* **DIRECTIONS FOR THIS TASK**
When you reach the line below that has "this 1280×1440 image.", start returning lines exactly, and stop after the line that has "this 1904×1428 image."; skip the pictures.

>>

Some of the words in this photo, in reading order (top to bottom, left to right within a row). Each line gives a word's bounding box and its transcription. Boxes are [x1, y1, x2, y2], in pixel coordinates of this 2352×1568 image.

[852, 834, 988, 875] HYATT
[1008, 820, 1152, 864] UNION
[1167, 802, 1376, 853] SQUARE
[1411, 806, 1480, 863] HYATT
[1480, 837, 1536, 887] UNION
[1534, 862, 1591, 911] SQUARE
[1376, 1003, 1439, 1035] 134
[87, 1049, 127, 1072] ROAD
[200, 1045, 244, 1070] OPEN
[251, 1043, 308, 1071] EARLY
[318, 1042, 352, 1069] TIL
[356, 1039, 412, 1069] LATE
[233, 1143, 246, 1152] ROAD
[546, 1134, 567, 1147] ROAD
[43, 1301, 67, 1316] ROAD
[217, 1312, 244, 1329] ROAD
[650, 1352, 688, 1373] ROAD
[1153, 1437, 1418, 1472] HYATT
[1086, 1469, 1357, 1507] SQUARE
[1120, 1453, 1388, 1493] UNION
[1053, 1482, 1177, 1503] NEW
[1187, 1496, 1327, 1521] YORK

<<
>>

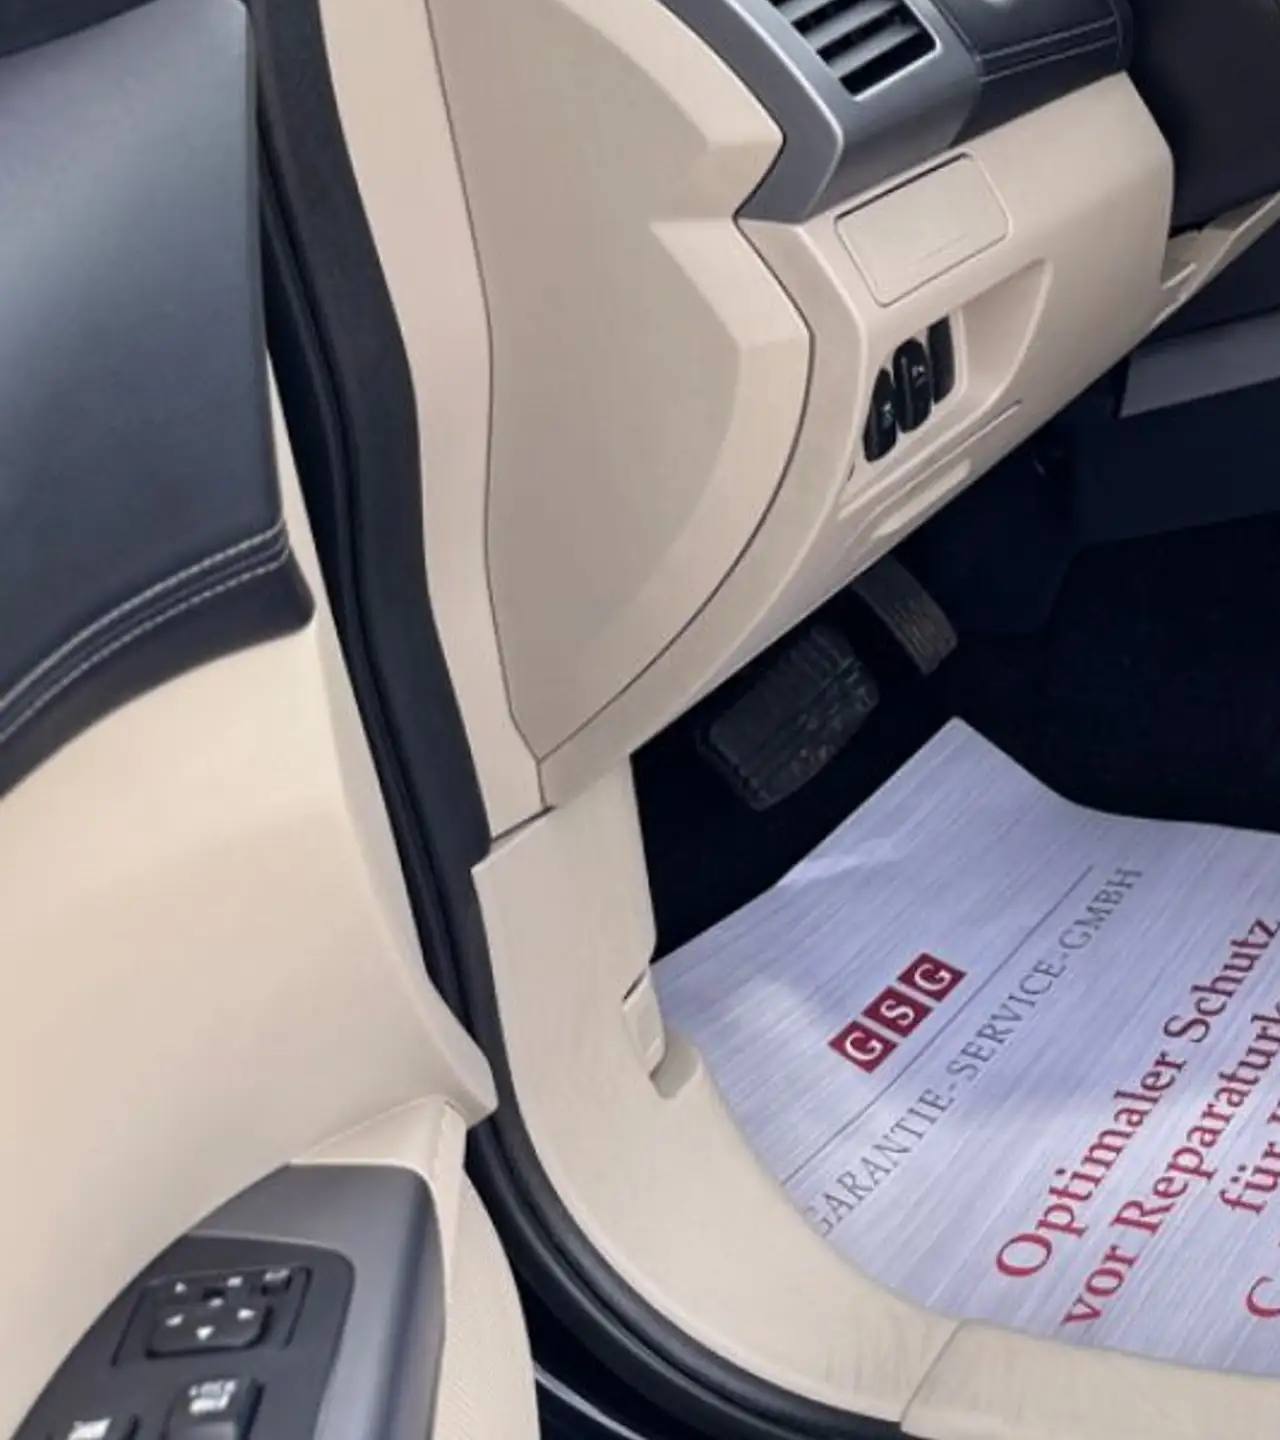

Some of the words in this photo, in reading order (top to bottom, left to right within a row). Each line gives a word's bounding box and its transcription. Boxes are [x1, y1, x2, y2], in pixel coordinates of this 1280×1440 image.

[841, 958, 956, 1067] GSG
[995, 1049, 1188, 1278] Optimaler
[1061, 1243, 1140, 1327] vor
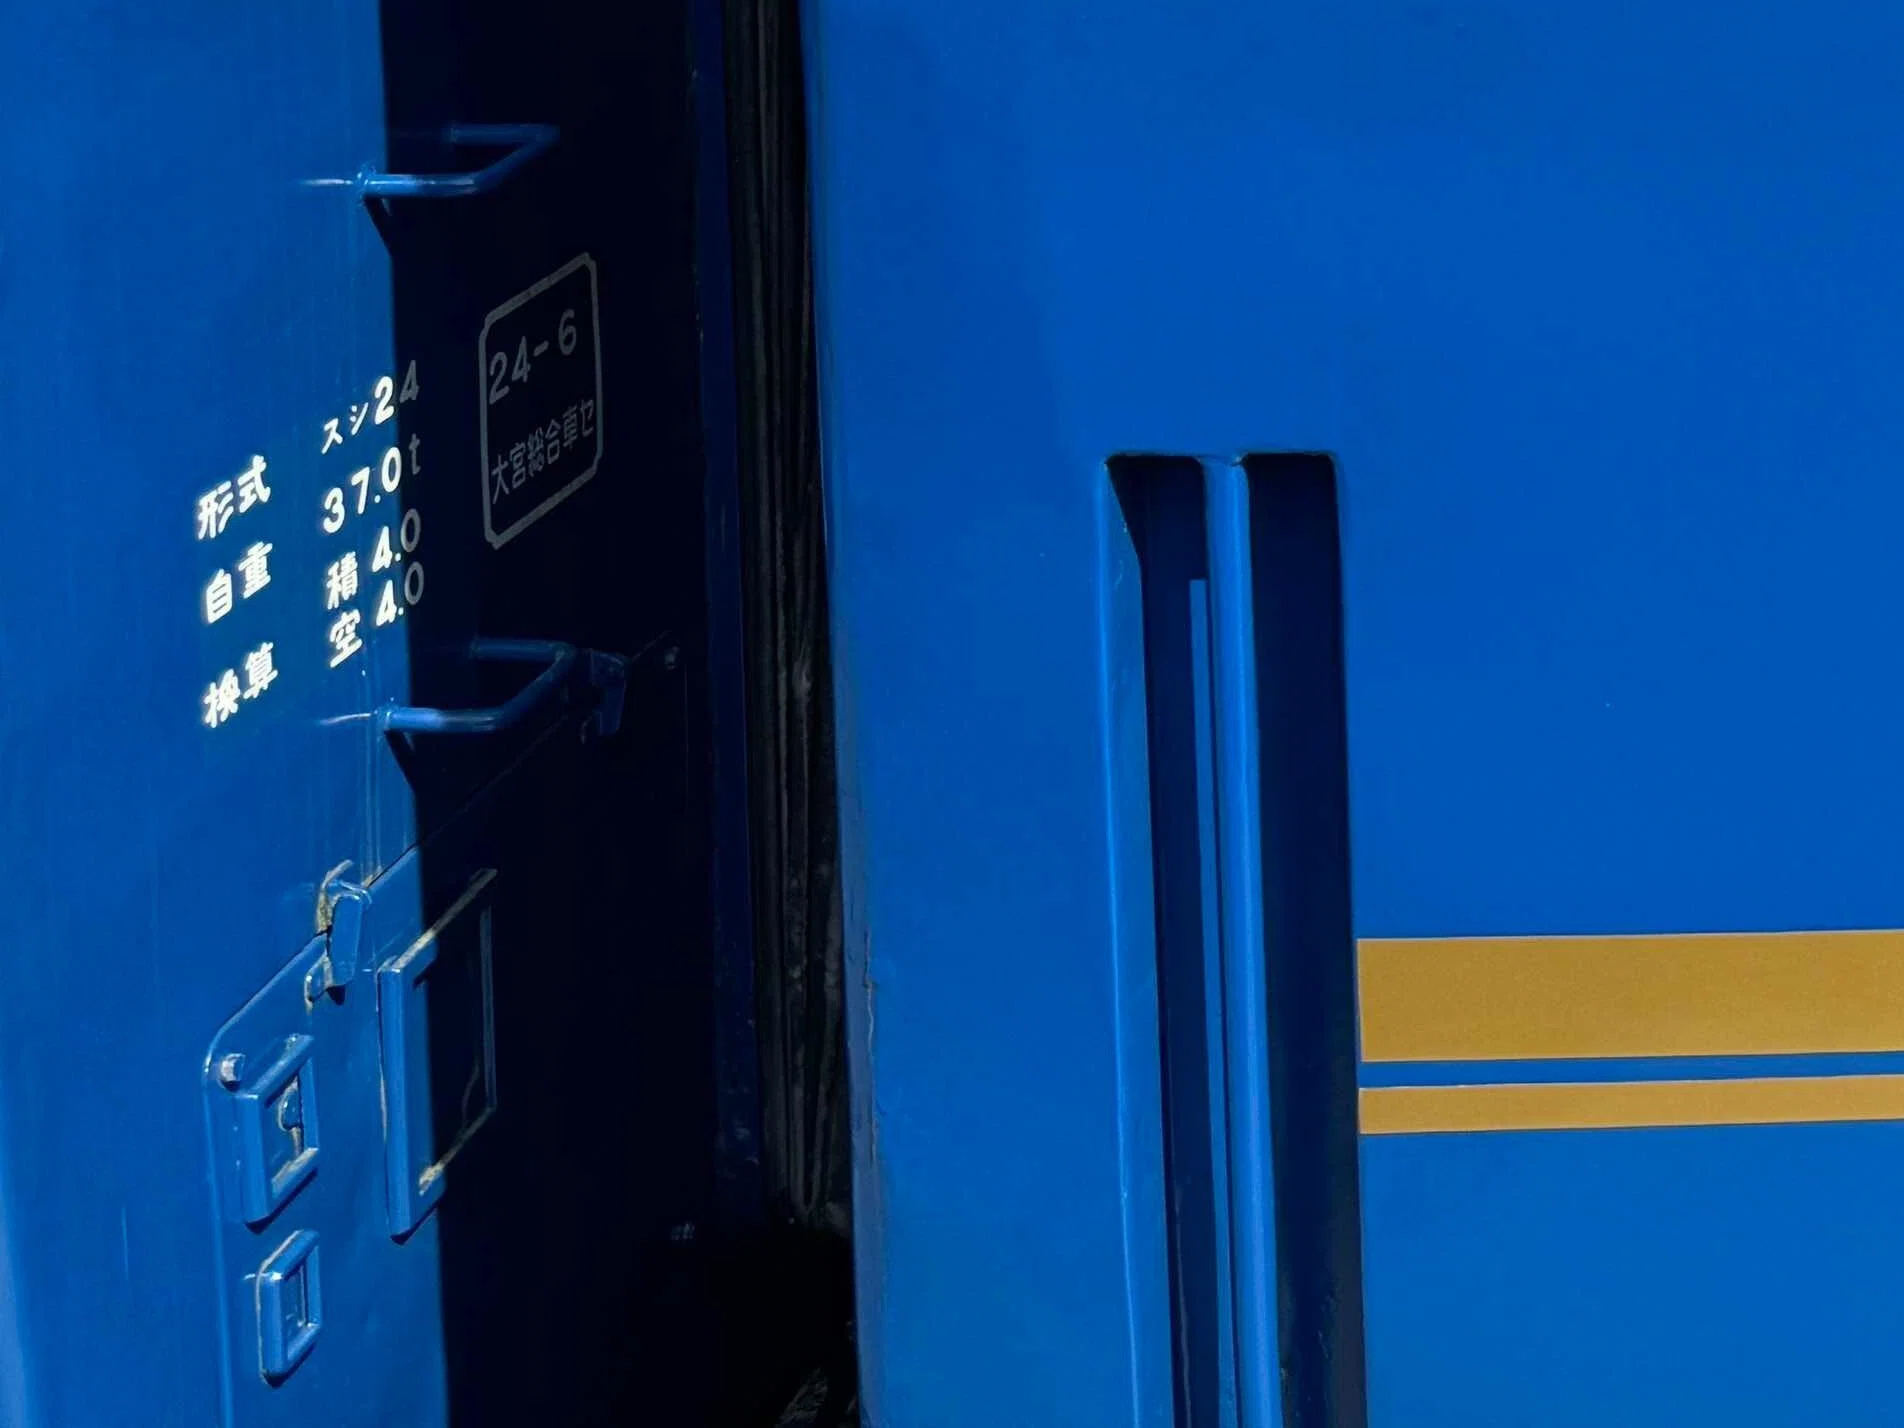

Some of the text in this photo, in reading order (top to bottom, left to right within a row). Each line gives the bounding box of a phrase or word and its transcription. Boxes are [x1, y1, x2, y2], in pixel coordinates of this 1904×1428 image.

<<
>>

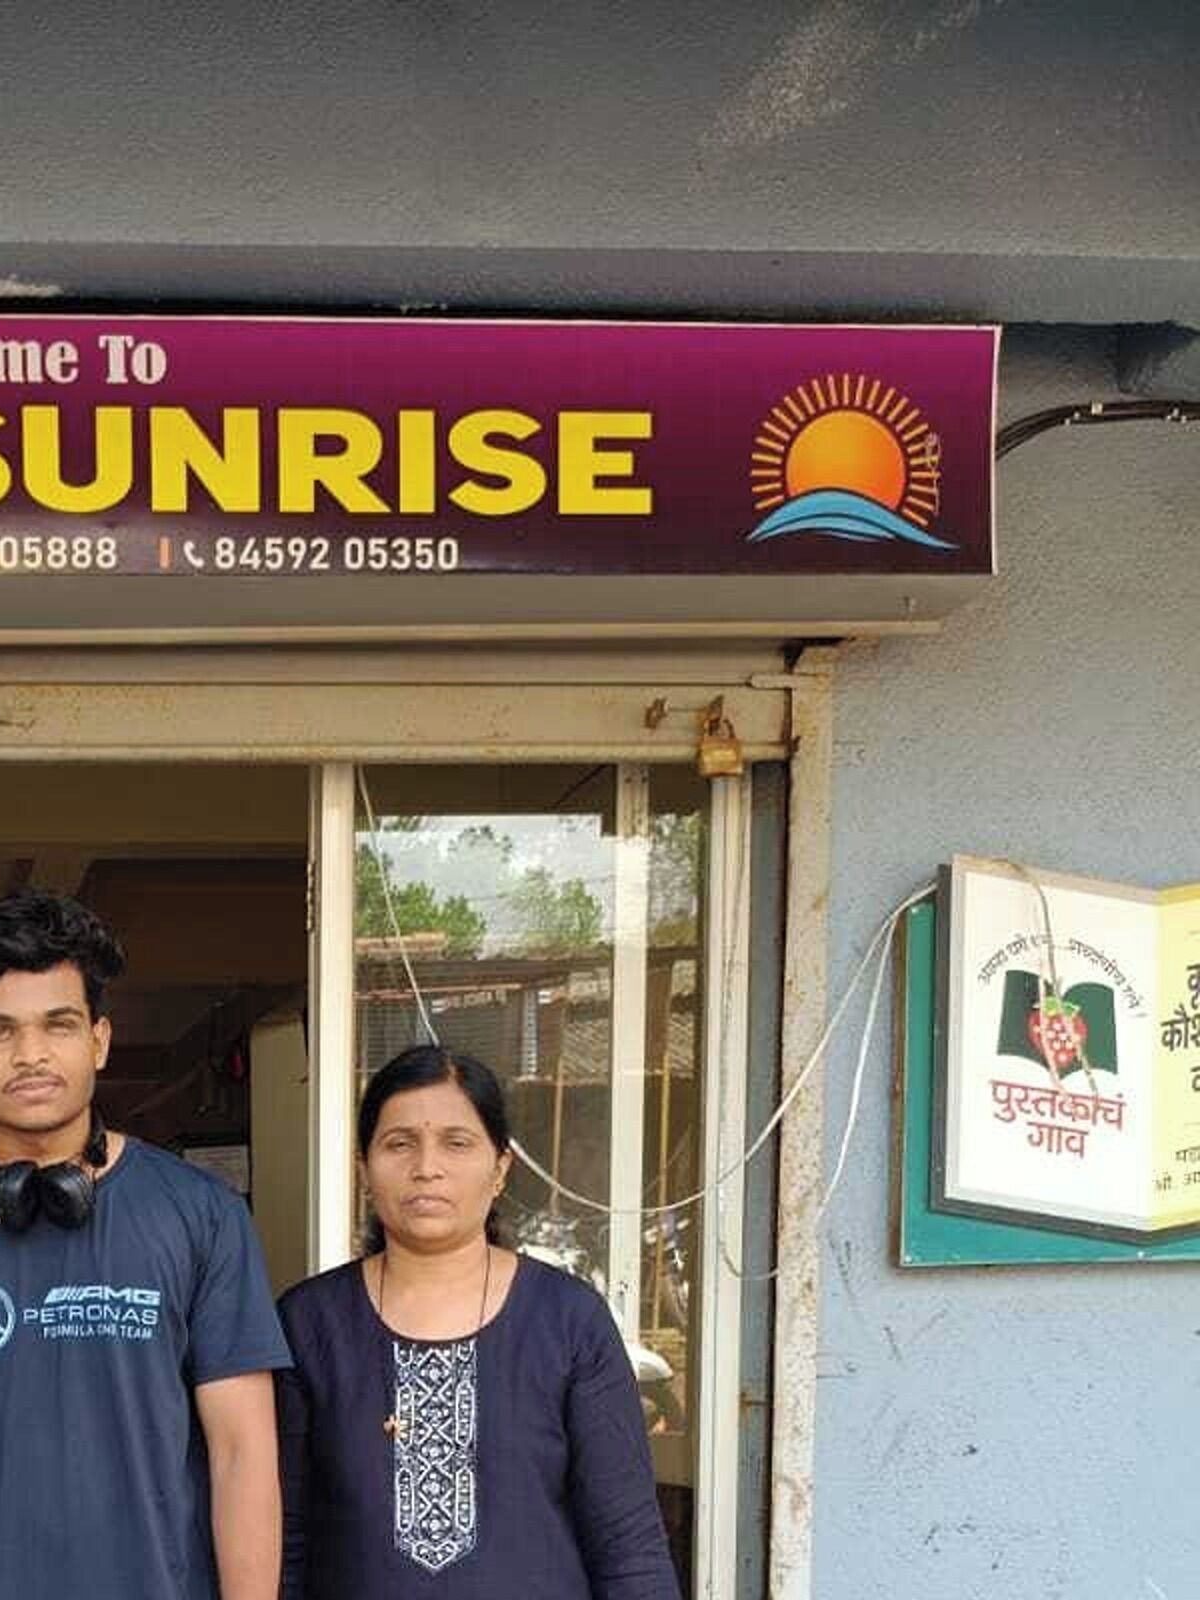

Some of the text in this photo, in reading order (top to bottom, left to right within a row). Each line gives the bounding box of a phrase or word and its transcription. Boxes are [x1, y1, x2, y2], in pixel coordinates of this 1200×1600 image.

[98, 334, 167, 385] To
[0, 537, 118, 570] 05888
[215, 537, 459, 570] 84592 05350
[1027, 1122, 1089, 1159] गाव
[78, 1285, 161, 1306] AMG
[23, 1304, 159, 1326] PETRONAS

<<

* **RESULT BELOW**
Some of the words in this photo, in reading order (top to bottom, left to right within a row). Each line gives a word's bounding box and its transcription. Boxes are [x1, y1, x2, y2], in pixel coordinates of this 1280×1440 image.

[841, 958, 956, 1067] GSG
[995, 1049, 1188, 1278] Optimaler
[1061, 1243, 1140, 1327] vor

Some of the text in this photo, in reading order (top to bottom, left to right within a row). Each line gives the bounding box of a phrase or word and its transcription. Boxes are [x1, y1, x2, y2], in pixel coordinates of this 1904×1428 image.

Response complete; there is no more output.